▼

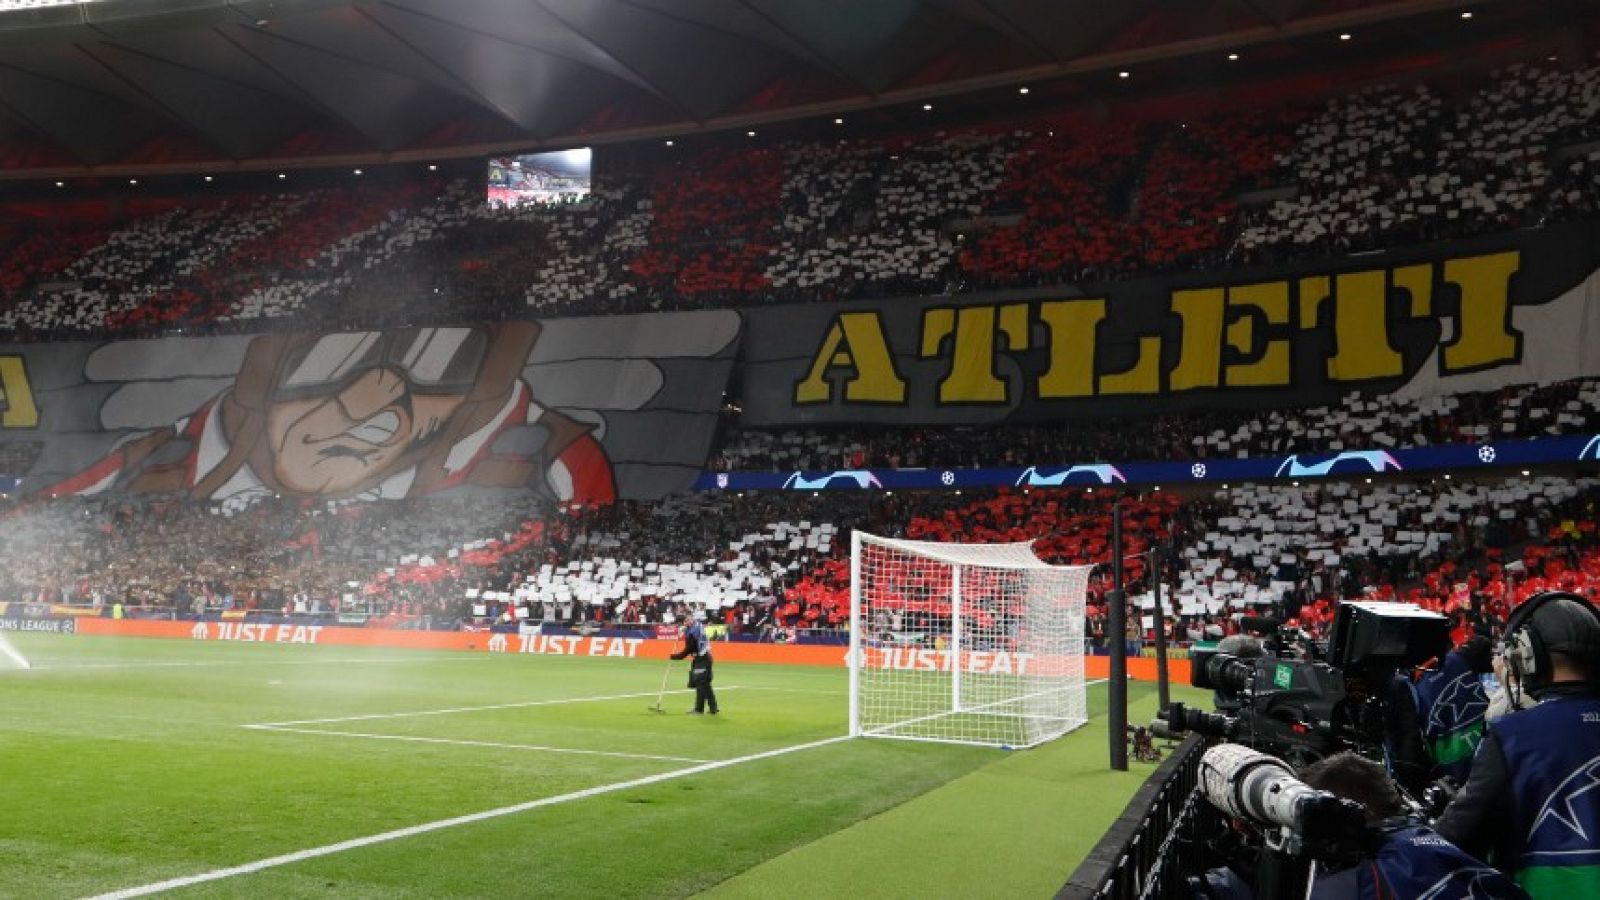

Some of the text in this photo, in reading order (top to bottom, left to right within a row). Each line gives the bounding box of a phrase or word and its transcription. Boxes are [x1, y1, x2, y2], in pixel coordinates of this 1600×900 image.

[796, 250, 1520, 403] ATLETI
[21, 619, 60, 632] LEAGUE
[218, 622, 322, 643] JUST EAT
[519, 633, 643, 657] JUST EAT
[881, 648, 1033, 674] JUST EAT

▲

### Task prompt
Reproduce the material exactly; keep pictures out.

### Result of this task
Some of the text in this photo, in reading order (top to bottom, left to right within a row). Each line gives the bounding box of a phrase or word and its transcription. Boxes are [x1, y1, x2, y2], in pixel coordinates of this 1600×900 image.

[796, 250, 1520, 403] ATLETI
[21, 619, 60, 632] LEAGUE
[218, 622, 322, 643] JUST EAT
[519, 633, 643, 657] JUST EAT
[881, 648, 1033, 674] JUST EAT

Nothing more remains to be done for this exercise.